Literary Nevada: Writings from the Silver State reception

Literary Nevada: Writings from the Silver State reception

English professor Cheryll Glotfelty recently published “Literary Nevada: Writings from the Silver State,” the first comprehensive literary anthology about Nevada. It is a collection of essays, memoirs, short stories and poetry as vast as the sagebrush-dotted mountain horizons of the state.

The publication of the anthology will be celebrated in a reception on Thursday, September 18 from 5 p.m. to 7 p.m. in the Whittemore Tower Entrance and Reception Gallery of the Matthewson-IGT Knowledge Center. About 20 to 30 authors included in the anthology will be available for autographs.
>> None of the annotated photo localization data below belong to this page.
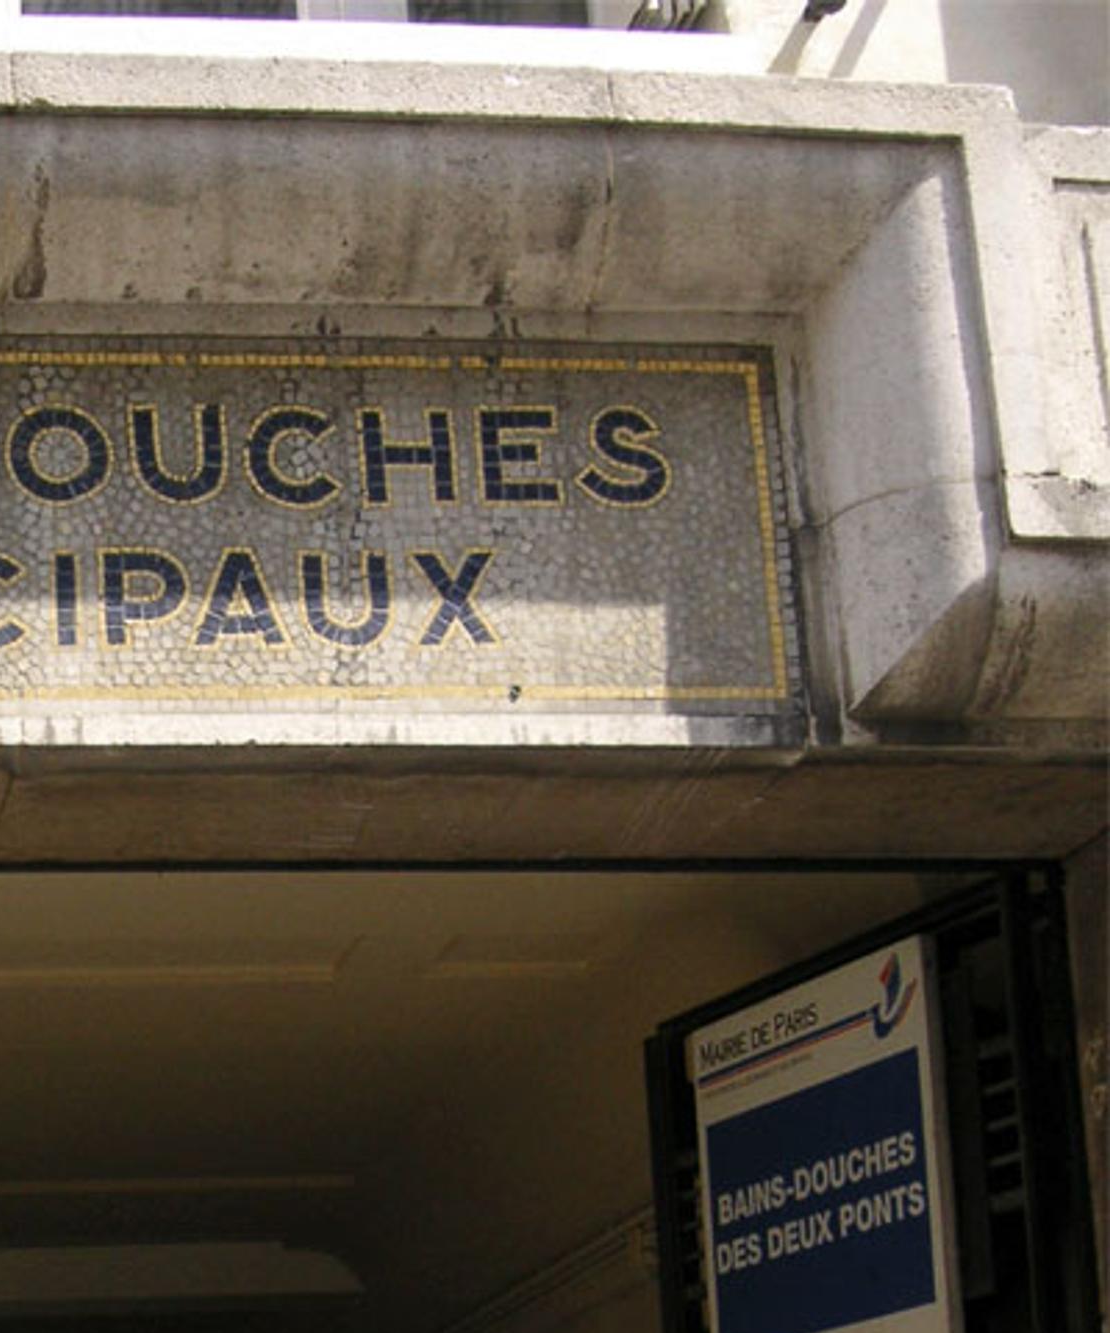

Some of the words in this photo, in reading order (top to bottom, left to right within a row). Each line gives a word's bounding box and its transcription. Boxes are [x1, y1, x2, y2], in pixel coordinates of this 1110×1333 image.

[750, 1021, 772, 1050] DE
[774, 1002, 820, 1039] PARIS
[717, 1131, 917, 1226] BAINS-DOUCHES
[716, 1231, 763, 1275] DES
[768, 1214, 834, 1259] DEUX
[839, 1181, 926, 1237] PONTS
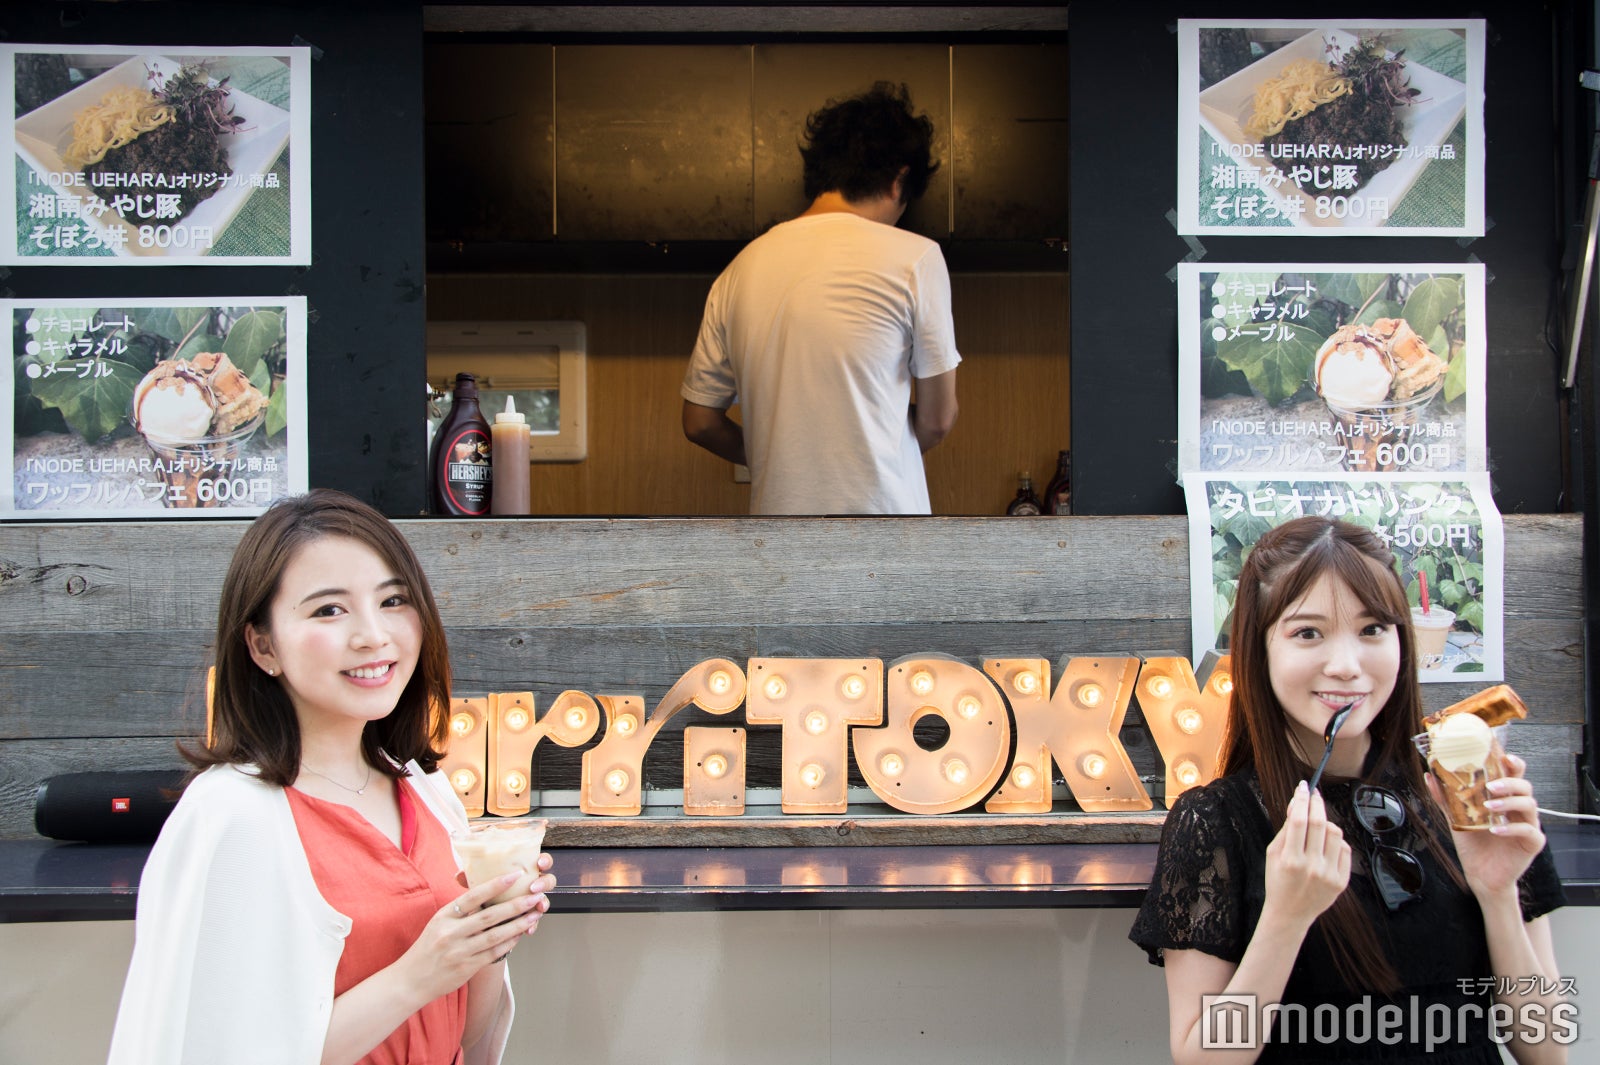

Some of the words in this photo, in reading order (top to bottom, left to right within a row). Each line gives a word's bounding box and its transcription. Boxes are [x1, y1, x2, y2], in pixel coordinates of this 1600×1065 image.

[1211, 164, 1357, 190] 湘南みやじ豚
[29, 193, 182, 219] 湘南みやじ豚
[1211, 196, 1306, 219] そぼろ丼
[1314, 196, 1389, 220] 800円
[29, 224, 128, 249] そぼろ丼
[138, 225, 214, 249] 800円
[1212, 442, 1367, 466] ワッフルパフェ
[1376, 443, 1450, 466] 600円
[27, 478, 187, 505] ワッフルパフェ
[197, 478, 272, 502] 600円
[1217, 487, 1462, 520] タピオカドリンク
Refreshments will be served and Glotfelty will be present to offer a few words about the publication.

“I think anyone who lives in this state will be interested and fascinated by the rich literary tradition that Nevada has,” said Victoria Davies of the University of Nevada Press. “And you get to meet authors. It will be fun all around.”

“Literary Nevada” is an attempt to represent the literary history of Nevada as well as the state’s complexities, Glotfelty said. From local Native American oral stories to immigrants’ narratives to stories about the Comstock Lode, the anthology presents the different perspectives about Nevada, both positive and negative.
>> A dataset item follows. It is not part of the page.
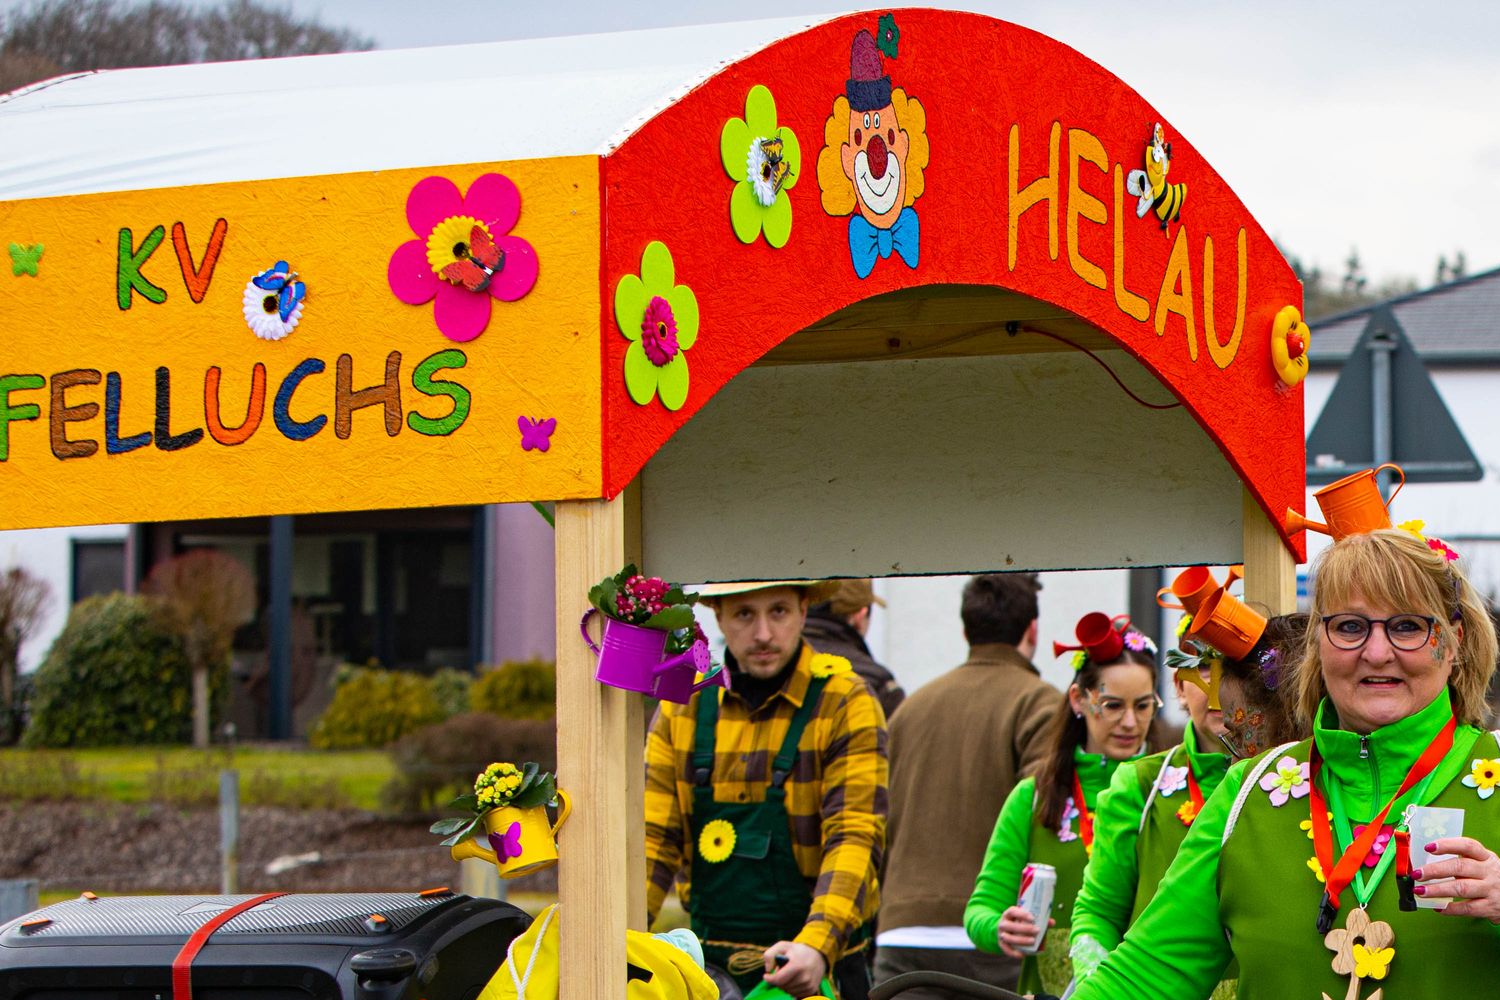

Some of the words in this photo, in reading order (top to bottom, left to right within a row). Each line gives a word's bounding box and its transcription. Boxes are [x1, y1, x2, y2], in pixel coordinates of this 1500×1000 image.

[117, 217, 228, 310] KV
[1007, 120, 1247, 370] HELAU
[0, 349, 471, 462] FELLUCHS
“We have glittering casinos, we have the atomic test site, we have snow-capped mountains and parched deserts and a very diverse population,” Glotfelty said. “I would hope that by reading this, any single stereotype you might have of Nevada would no longer seem appropriate. That Nevada really is so much more interesting, fascinating and complicated than you initially think.”

In 1990 Glotfelty launched the massive project to compile and edit the more than 200 writings by over 150 writers for the anthology. As a professor new to the University and the state, Glotfelty was first exposed to literature about Nevada in her Literature of the Far West and Nevada class.

“When I was preparing for that class I realized there is far more literature of Nevada then I could even fit into a semester’s course,” Glotfelty said.

In researching for Nevada literature to teach in her class, she made a different discovery.

“I started to wonder, why don’t we have a state literary anthology?” Glotfelty said. “All of our neighboring states have these wonderful literary collections, but Nevada didn’t have one and I don’t know why that is. There’s so much good writing here.”

Glotfelty made an effort to focus on a “sense of place” while searching through the massive amount of different writings about Nevada. The anthology represents not just key regions, cities or towns within Nevada but also the places and the people that are generally overlooked.

“I wanted to make sure to represent the north and the south, the rural and the urban, insiders and outsiders, diversity of race and ethnicity,” Glotfelty said.

The anthology includes such renowned writers as Robert Laxalt, voice of the Basques in America; Ann Ronald, Nevadan nature writer; Dan DeQuille, Comstock Lode storyteller; and Waddie Mitchell, cowboy poet, whom Glotfelty named as her favorite writers after much thought.

“That’s such a hard question,” Glotfelty laughed when asked who was her favorite writer in the anthology. “I truly do love them all.”

Along with a sense of place, Glotfelty hopes the anthology will also lend a sense of home to readers of the anthology. “Literary Nevada” is meant to rid Nevada’s name of any single stereotype and to instill a sentiment of complexity and home.

“I hope that, when readers read this book, they’ll be able to feel like Nevada is their home and be able to love and strongly identify with this place,” Glotfelty said. “I think that if you feel somewhere is your home, you’re liable to be more vested in it and take better care of it. Once you read these works it enriches your sense of living in Nevada.”